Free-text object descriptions
· · · · ·

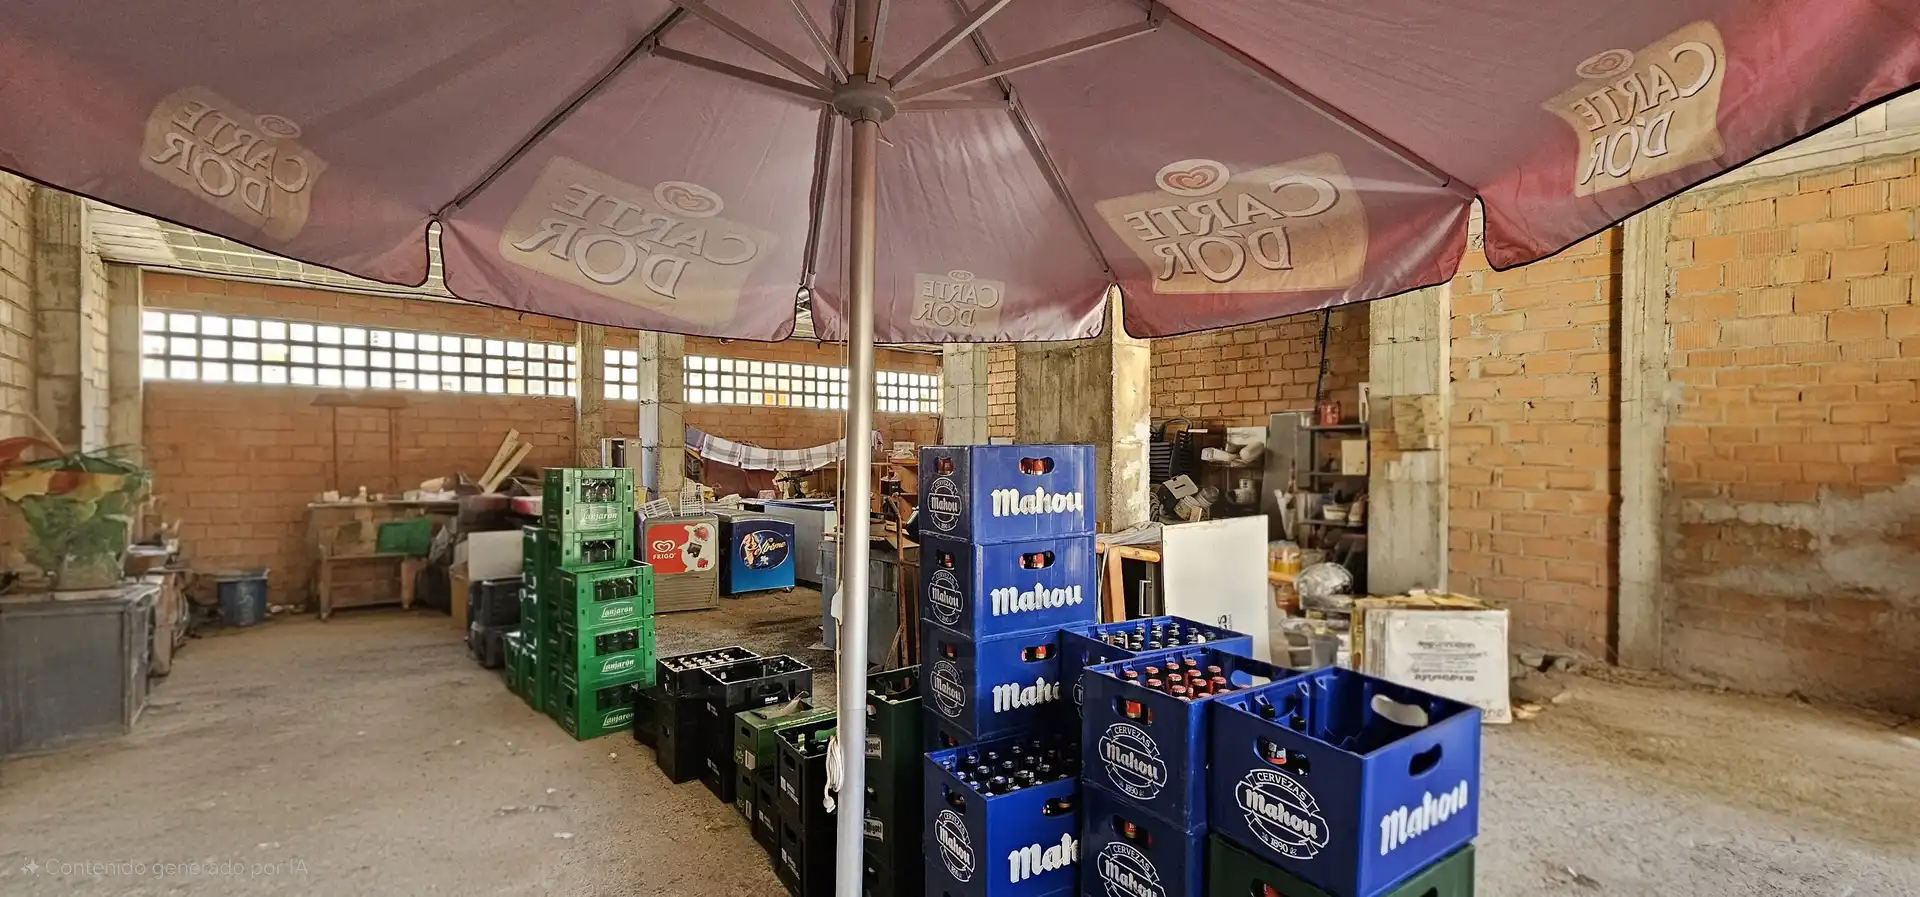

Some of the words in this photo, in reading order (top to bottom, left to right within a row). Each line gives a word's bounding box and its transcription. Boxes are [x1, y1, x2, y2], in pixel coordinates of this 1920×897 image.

[931, 496, 958, 512] Mahou
[991, 486, 1083, 517] Mahou
[931, 587, 959, 607] Mahou
[990, 582, 1083, 616] Mahou
[933, 676, 961, 702] Mahou
[992, 676, 1060, 713] Mah
[1114, 726, 1151, 747] CERVEZAS
[1106, 742, 1158, 780] Mahou
[1257, 772, 1307, 801] CERVEZAS
[1245, 788, 1318, 840] Mahou
[1380, 779, 1468, 857] Mahou
[939, 825, 970, 866] Mahou
[1008, 832, 1078, 883] Mah
[1112, 844, 1151, 872] CERVEZAS
[1270, 837, 1289, 853] 1890

· · · · ·

REQUIRED WORK: Exactly as they stand, set down all of the entries above, minus every picture.

RESPONSE TO THE EXERCISE:
Some of the words in this photo, in reading order (top to bottom, left to right within a row). Each line gives a word's bounding box and its transcription. Boxes are [x1, y1, x2, y2], in pixel coordinates of this 1920×897 image.

[931, 496, 958, 512] Mahou
[991, 486, 1083, 517] Mahou
[931, 587, 959, 607] Mahou
[990, 582, 1083, 616] Mahou
[933, 676, 961, 702] Mahou
[992, 676, 1060, 713] Mah
[1114, 726, 1151, 747] CERVEZAS
[1106, 742, 1158, 780] Mahou
[1257, 772, 1307, 801] CERVEZAS
[1245, 788, 1318, 840] Mahou
[1380, 779, 1468, 857] Mahou
[939, 825, 970, 866] Mahou
[1008, 832, 1078, 883] Mah
[1112, 844, 1151, 872] CERVEZAS
[1270, 837, 1289, 853] 1890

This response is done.